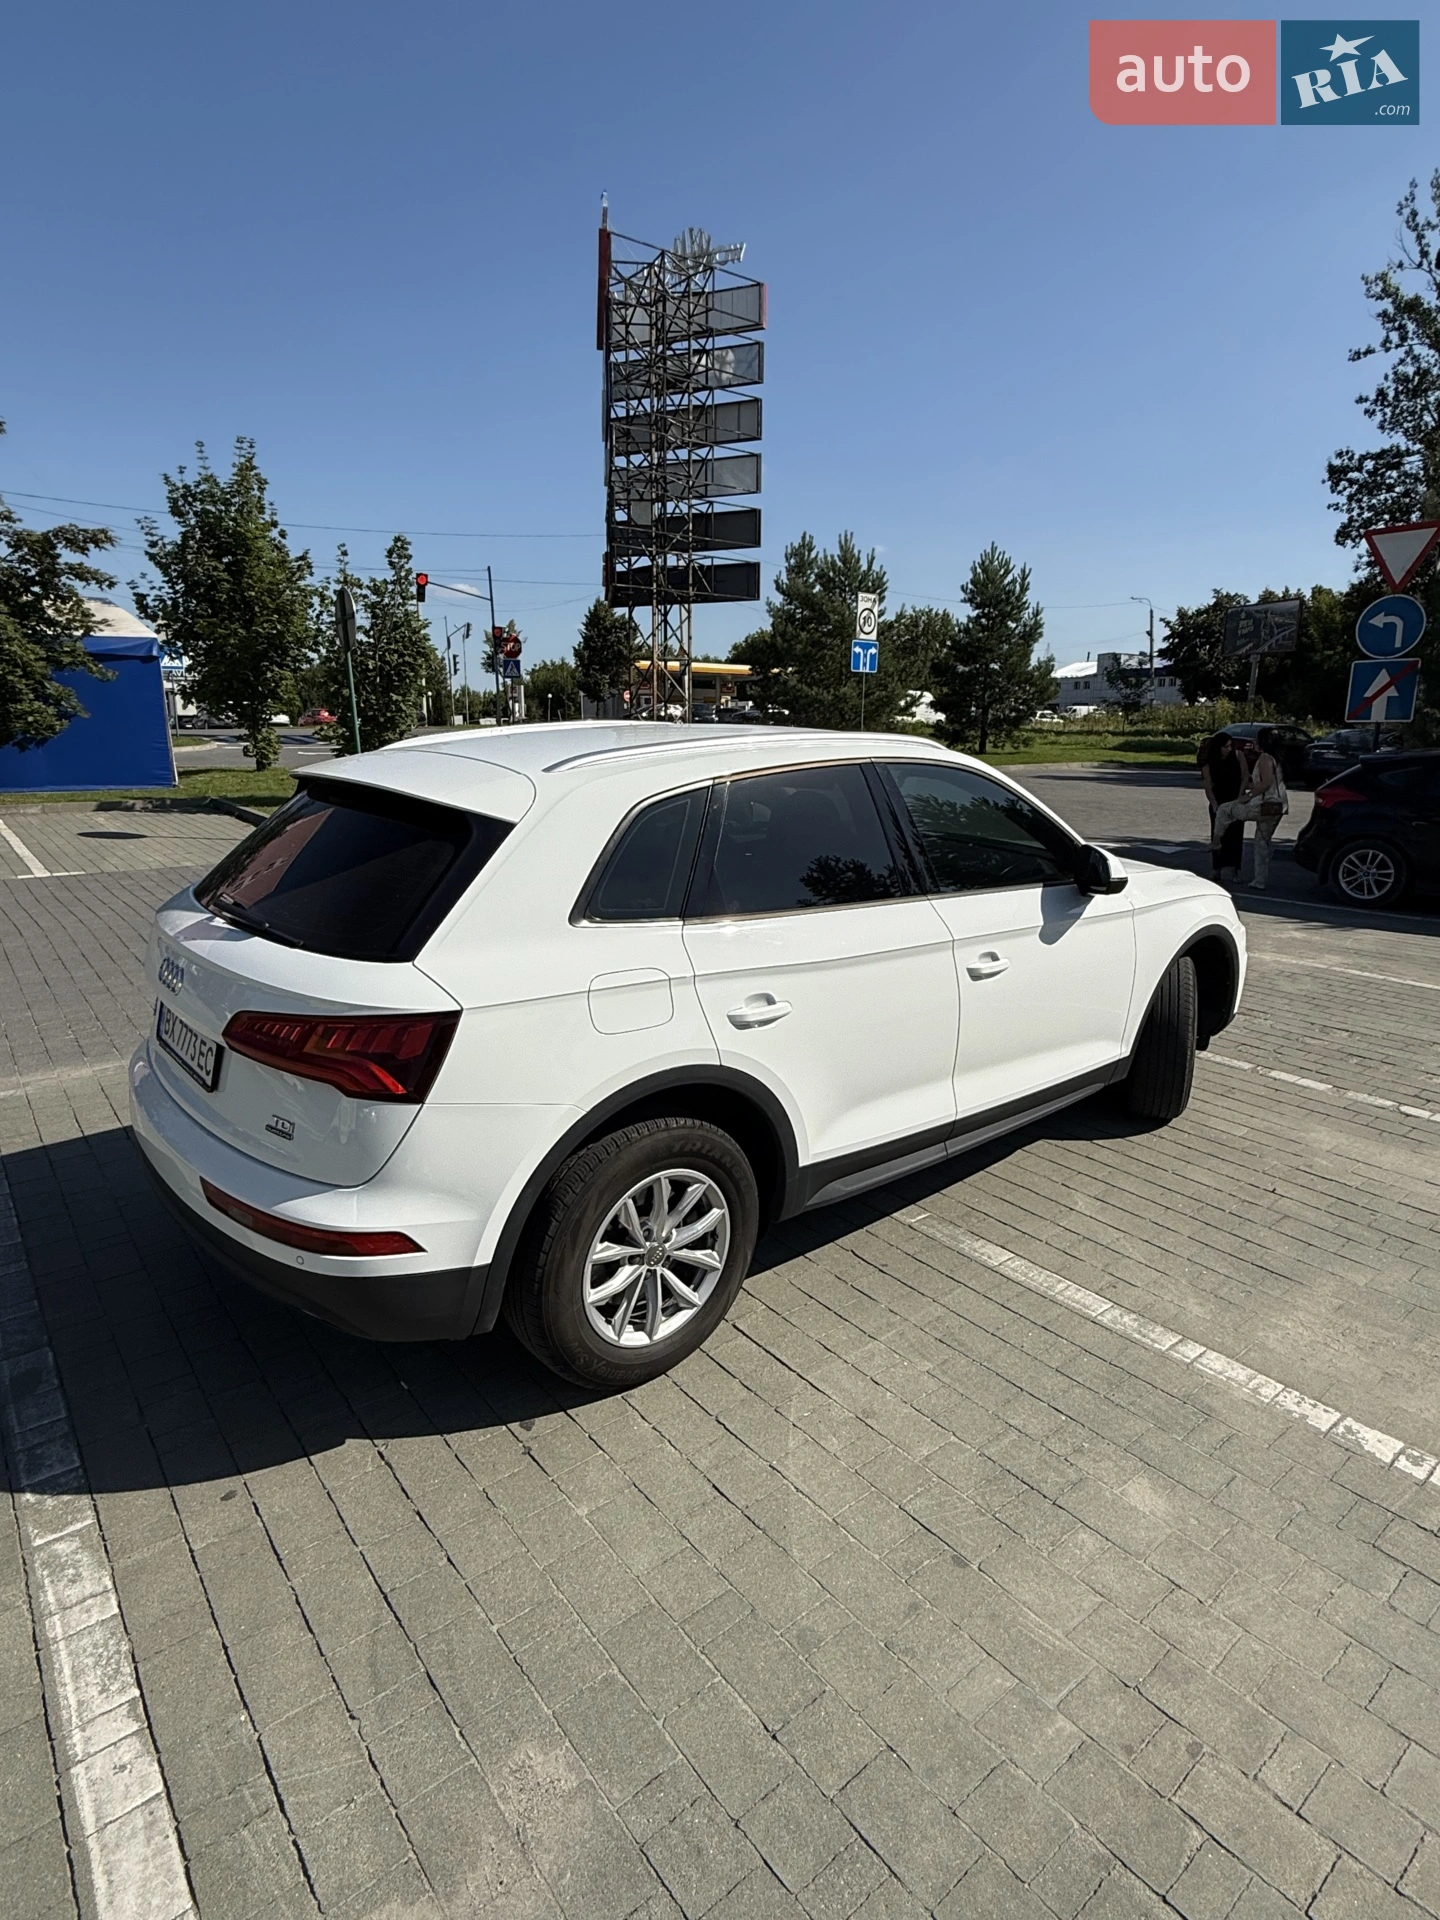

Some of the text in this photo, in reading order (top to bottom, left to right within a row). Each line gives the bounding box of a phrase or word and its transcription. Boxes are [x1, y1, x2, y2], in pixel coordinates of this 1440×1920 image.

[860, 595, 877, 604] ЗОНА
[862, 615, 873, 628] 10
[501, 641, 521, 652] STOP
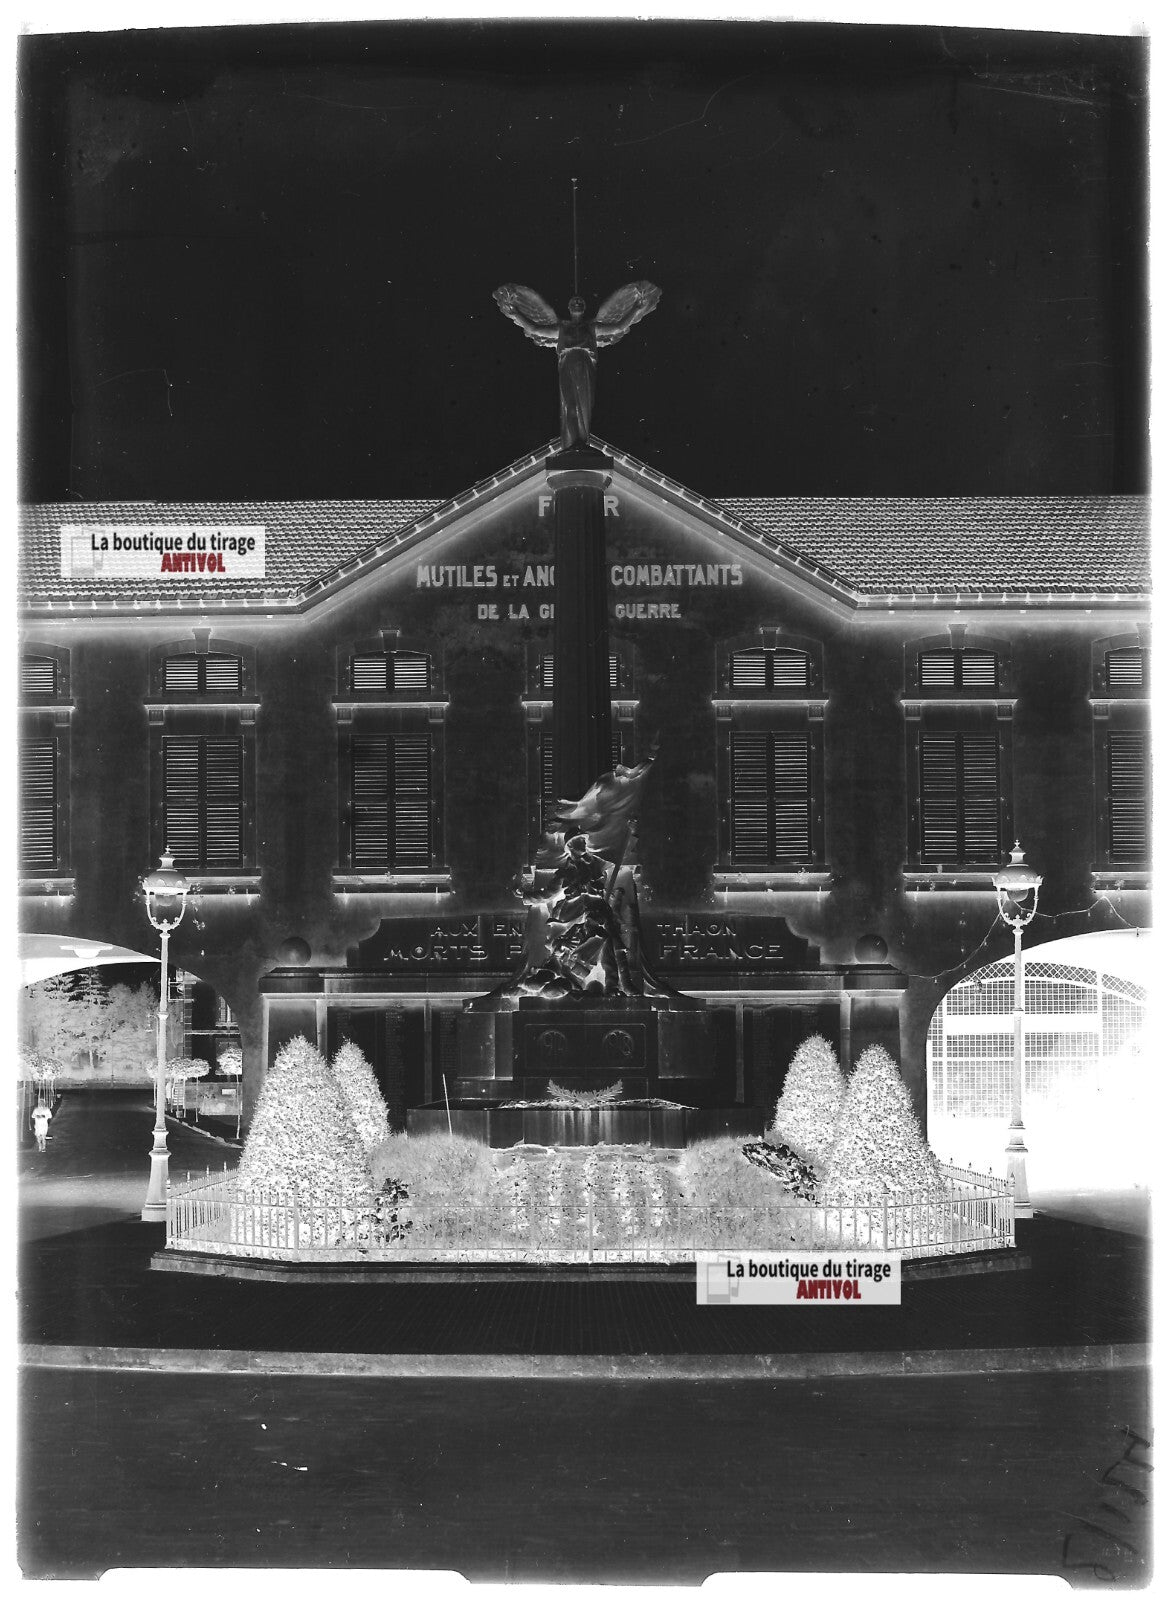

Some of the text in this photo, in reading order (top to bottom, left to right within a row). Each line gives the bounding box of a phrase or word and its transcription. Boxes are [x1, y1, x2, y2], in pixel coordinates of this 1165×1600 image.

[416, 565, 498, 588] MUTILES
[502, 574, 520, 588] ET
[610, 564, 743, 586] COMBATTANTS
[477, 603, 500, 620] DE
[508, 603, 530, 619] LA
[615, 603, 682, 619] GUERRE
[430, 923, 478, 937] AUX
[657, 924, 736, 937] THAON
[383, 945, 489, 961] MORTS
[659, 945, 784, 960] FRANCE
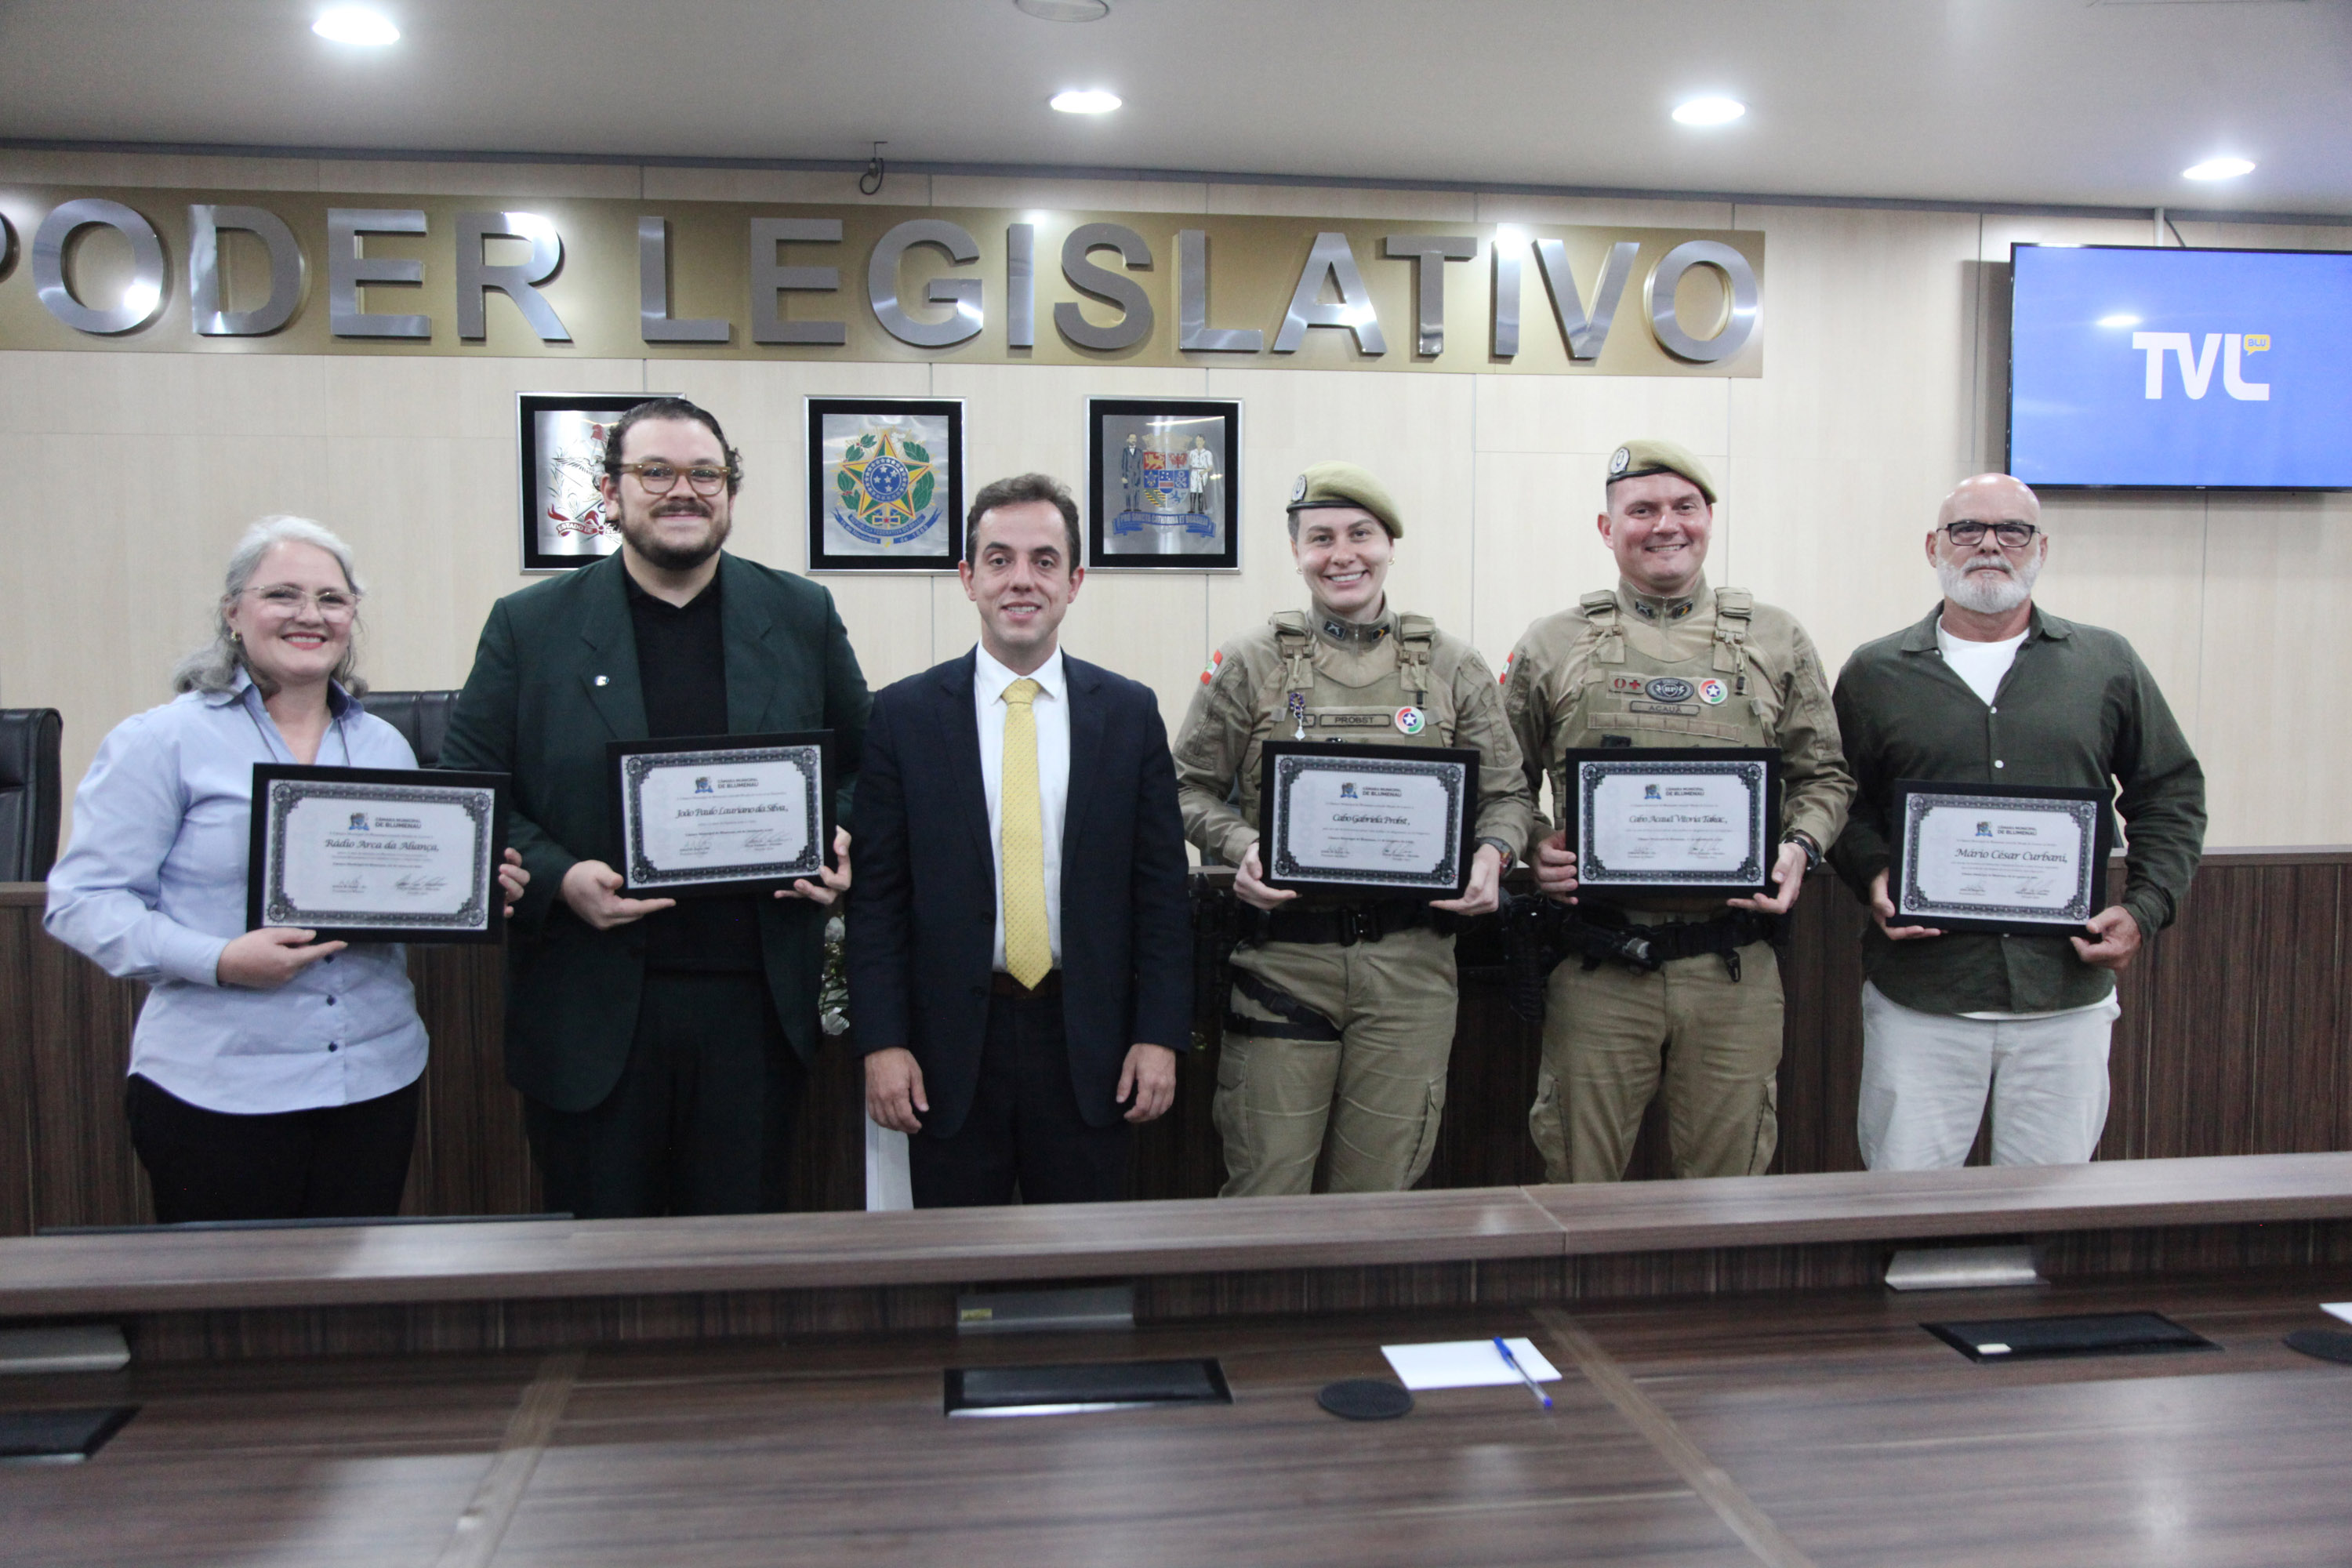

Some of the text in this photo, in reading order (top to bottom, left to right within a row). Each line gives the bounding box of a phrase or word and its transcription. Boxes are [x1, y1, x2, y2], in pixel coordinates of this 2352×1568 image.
========================
- _EXERCISE INSTRUCTIONS_: Please restate word for word each line from the one containing "this 1165×1600 image." to the end of the data above, without the pictures.

- _ANSWER BOX_:
Some of the text in this photo, in reading order (top to bottom, left to right within a row). Each line gives the bounding box of a phrase or word and its transcription. Boxes are [x1, y1, x2, y2], in pixel coordinates of this 1165×1600 image.

[416, 565, 498, 588] MUTILES
[502, 574, 520, 588] ET
[610, 564, 743, 586] COMBATTANTS
[477, 603, 500, 620] DE
[508, 603, 530, 619] LA
[615, 603, 682, 619] GUERRE
[430, 923, 478, 937] AUX
[657, 924, 736, 937] THAON
[383, 945, 489, 961] MORTS
[659, 945, 784, 960] FRANCE

Some of the text in this photo, in reading order (top to bottom, left to right within a row). Each line gives the bounding box of a phrase or word and its transcription. Boxes are [x1, y1, x2, y2], in pixel coordinates of this 2352×1568 image.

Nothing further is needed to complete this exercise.